Seb Cazes, dessinateur et illustrateur

Illustration de Seb Cazes


Voici une Interview réalisée en 2008 par Laure Delahaye pour le magazine WebCulture qui présente le talentueux artiste Seb Cazes.

Interview de Seb Cazes

J’ai découvert tes illustrations grâce à myspace, et j’ai eu tout de suite envie de te demander comment as-tu découvert cette envie de dessiner ?

Impossible de répondre, ça fait partie de moi, je ne me souviens pas ne pas avoir tenu un crayon dans mes mains depuis le plus jeune âge. J’étais sage comme une image. Si on voulait me canaliser, hop, on me donnait des feutres et une feuille, et on entendait plus parler de moi. À cette époque, je ne sais pas pourquoi ça me plaisait, mais ça ne m’a jamais quitté…

Tu as étudié aux Beaux-Arts de la ville d’Angoulême, qu’est-ce que l’école t’a apportée dans ta pratique ?

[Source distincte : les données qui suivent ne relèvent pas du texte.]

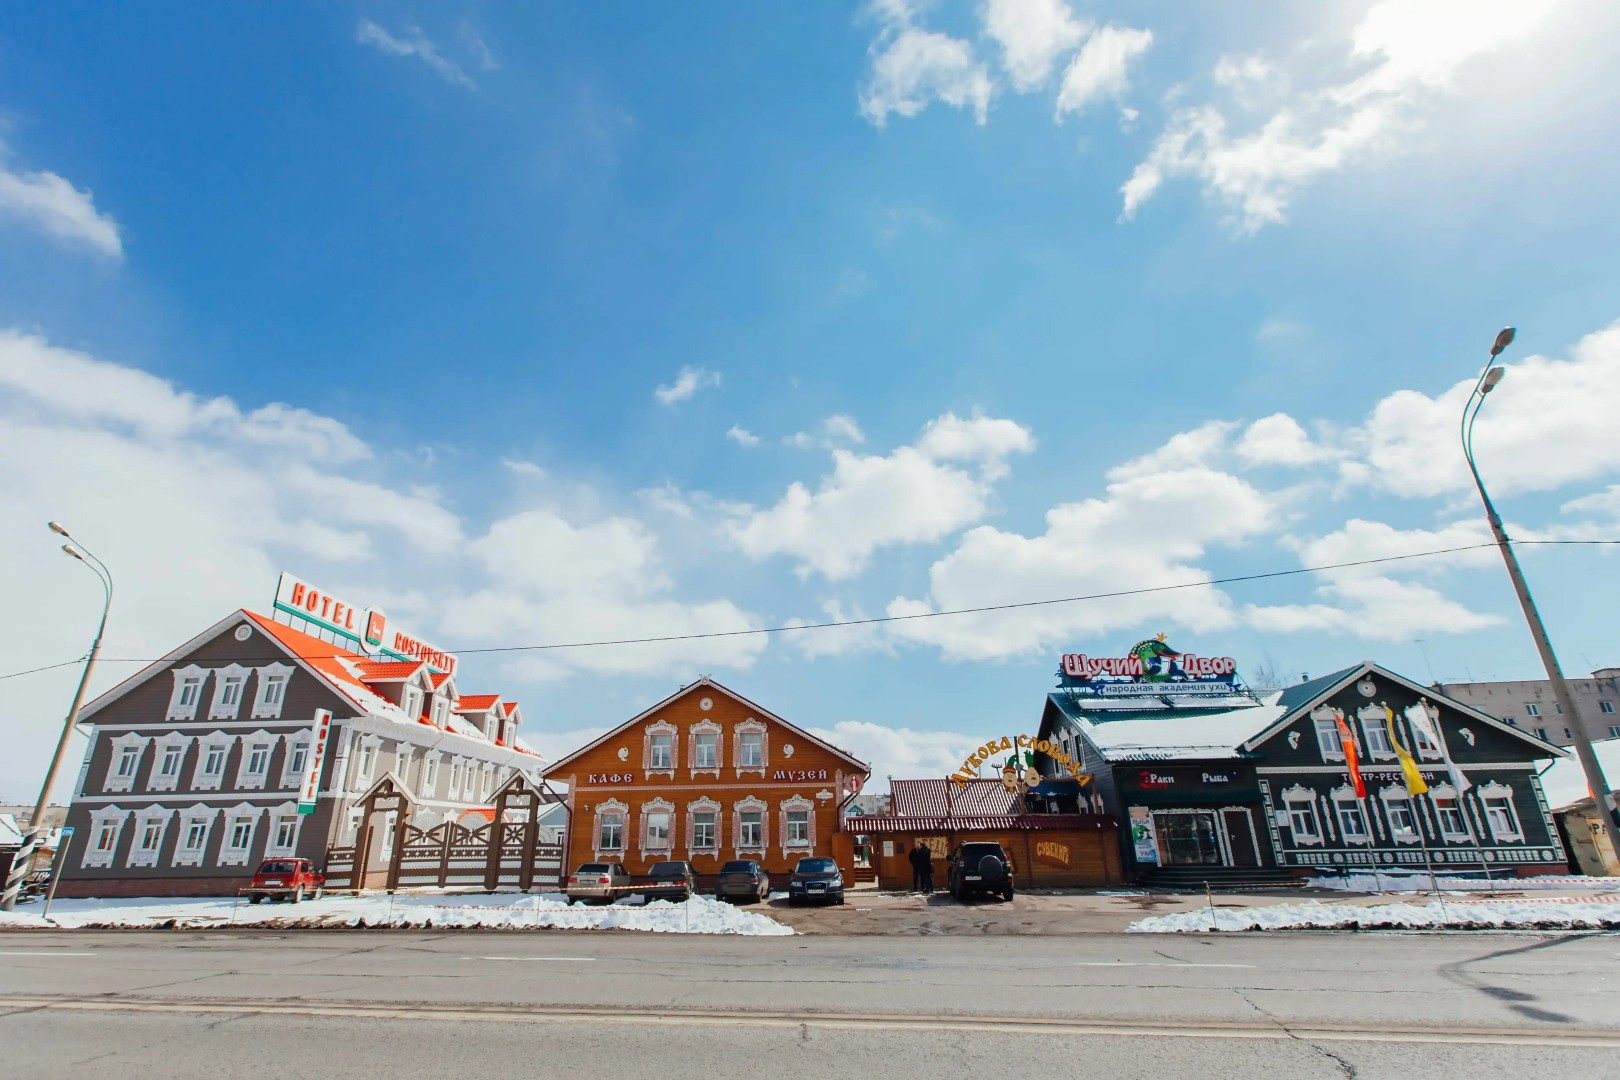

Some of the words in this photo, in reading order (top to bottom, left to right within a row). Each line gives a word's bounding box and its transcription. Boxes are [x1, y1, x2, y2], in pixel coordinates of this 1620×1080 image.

[291, 582, 354, 629] HOTEL
[394, 632, 456, 671] ROSTOVSKIY
[1063, 653, 1144, 680] Щучий
[1183, 654, 1237, 680] Двор
[1106, 685, 1154, 696] народная
[1159, 684, 1206, 693] академия
[1209, 684, 1227, 693] ухи
[308, 715, 330, 798] HOSTEL
[774, 769, 827, 782] МУЗЕЙ
[1341, 772, 1435, 781] ТТР-РЕСТАН
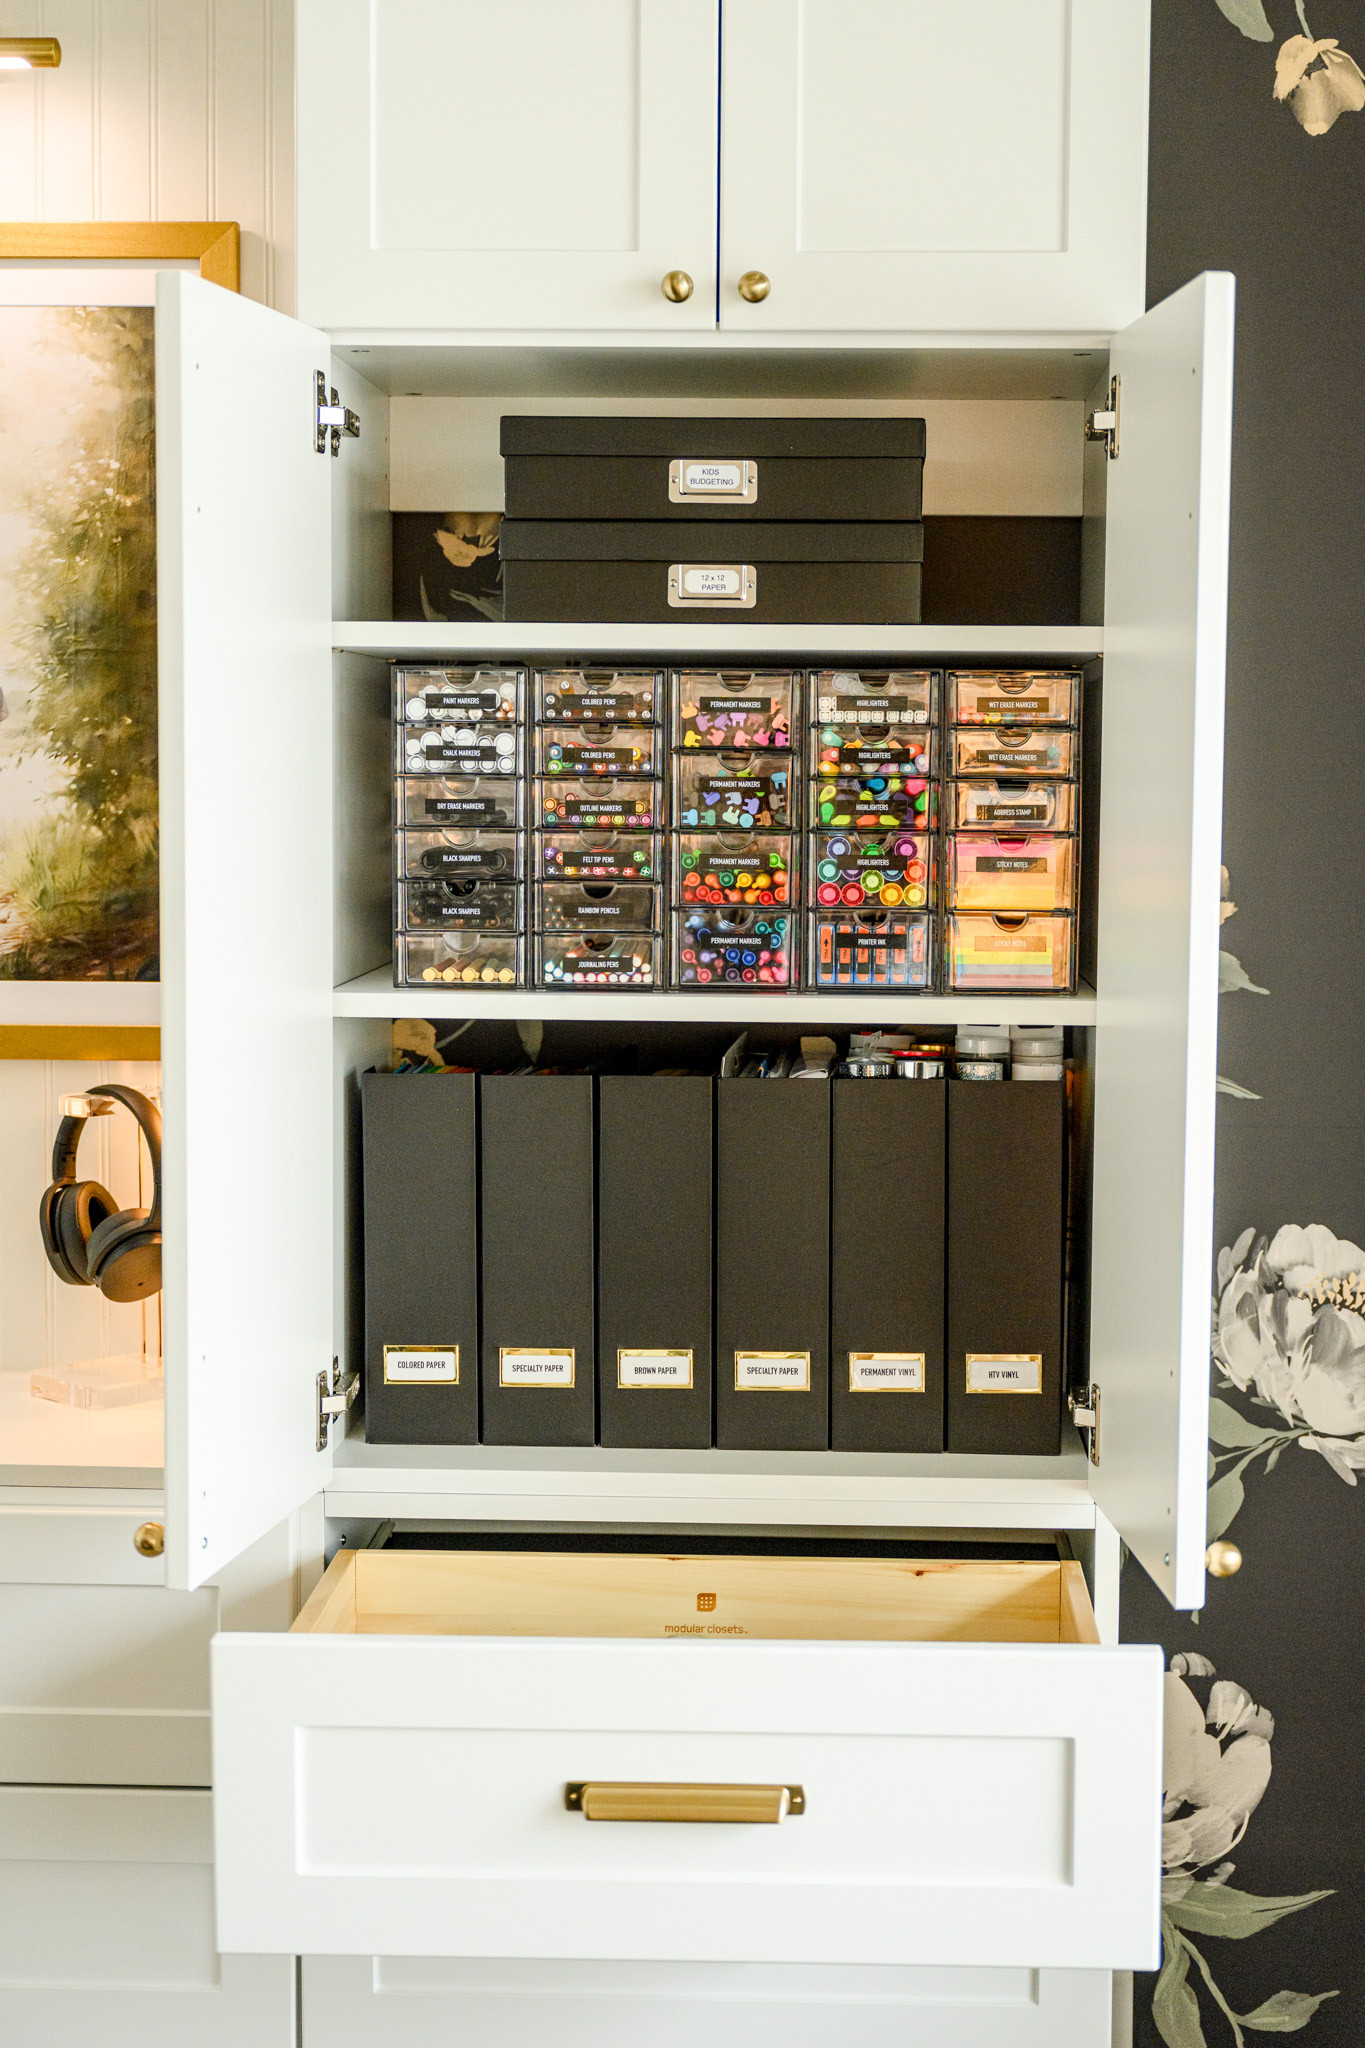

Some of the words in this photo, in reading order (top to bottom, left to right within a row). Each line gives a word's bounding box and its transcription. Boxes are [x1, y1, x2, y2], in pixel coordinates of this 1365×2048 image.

[634, 1367, 656, 1375] BROWN
[657, 1367, 677, 1375] PAPER
[747, 1367, 778, 1375] SPECIALTY
[779, 1367, 798, 1375] PAPER
[664, 1624, 705, 1633] modular
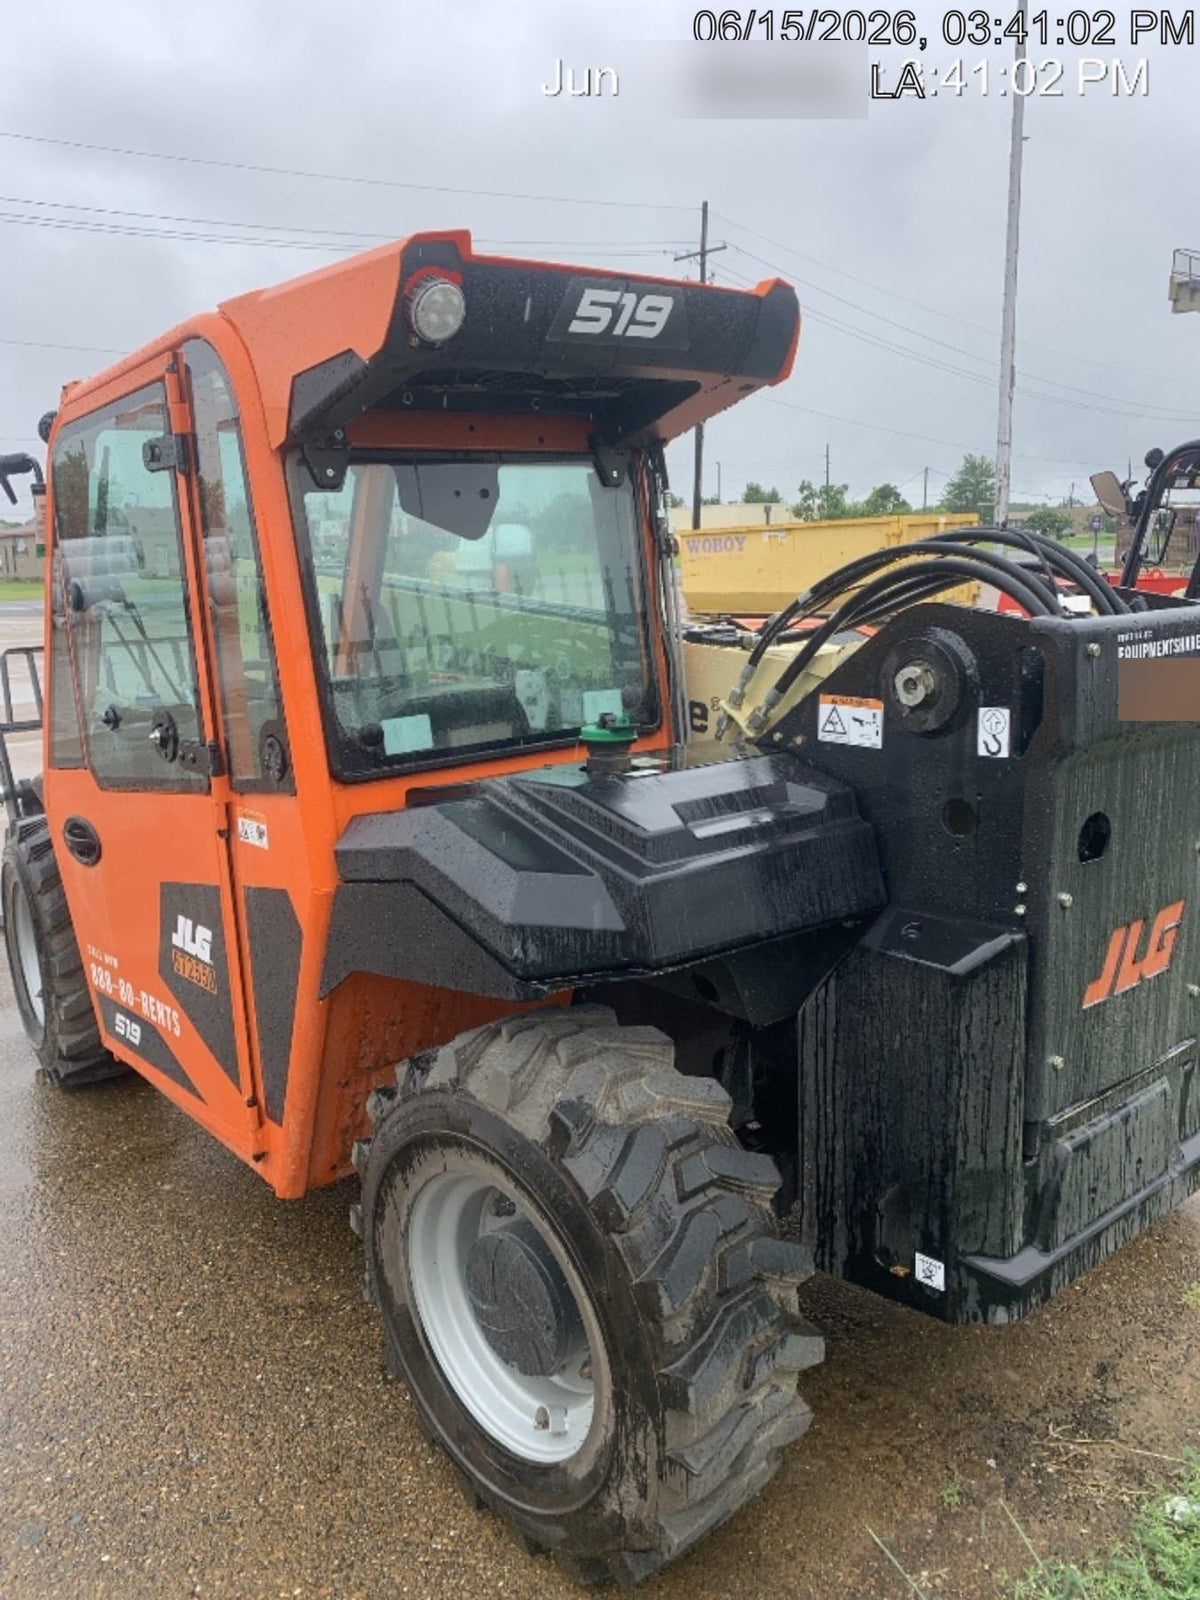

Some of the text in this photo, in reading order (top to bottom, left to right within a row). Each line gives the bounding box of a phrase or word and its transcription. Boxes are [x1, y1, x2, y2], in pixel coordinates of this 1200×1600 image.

 Illustration de Seb Cazes
Illustration de Seb Cazes

Hum, disons qu’une école apporte forcément un milliard de choses… avec le recul, je me rends compte que je manquais de rigueur, que je ne chipotais pas assez sur les détails, que je n’allais pas assez loin dans mes démarches; et puis, mis à part l’émulation que ça créé de côtoyer des gens tout aussi créatifs les uns que les autres, on peut partir sur des bases techniques qu’on n’a pas forcément en y entrant (je ne savais pas me servir d’un ordinateur par exemple) et ça peut servir par la suite pour la vie professionnelle. Paradoxalement, ce que j’aurais à lui reprocher, c’est qu’elle ne m’y a pas assez préparé, à la vie professionnelle, qui est remplie de contraintes juridiques et techniques. Dans la pratique pour finir, l’école est là pour entretenir la flamme de la passion que tu as en toi, à la canaliser, à l’orienter. Je suis allé là-bas pour faire de la BD, j’en suis ressorti avec un diplôme de communication en voulant faire du graphisme et de l’illustration. Outre la rigueur nécessaire à ce métier, l’école apporte aussi une ouverture supplémentaire, ouverture d’esprit, technique, professionnelle pour quelqu’un(es) d’entre nous.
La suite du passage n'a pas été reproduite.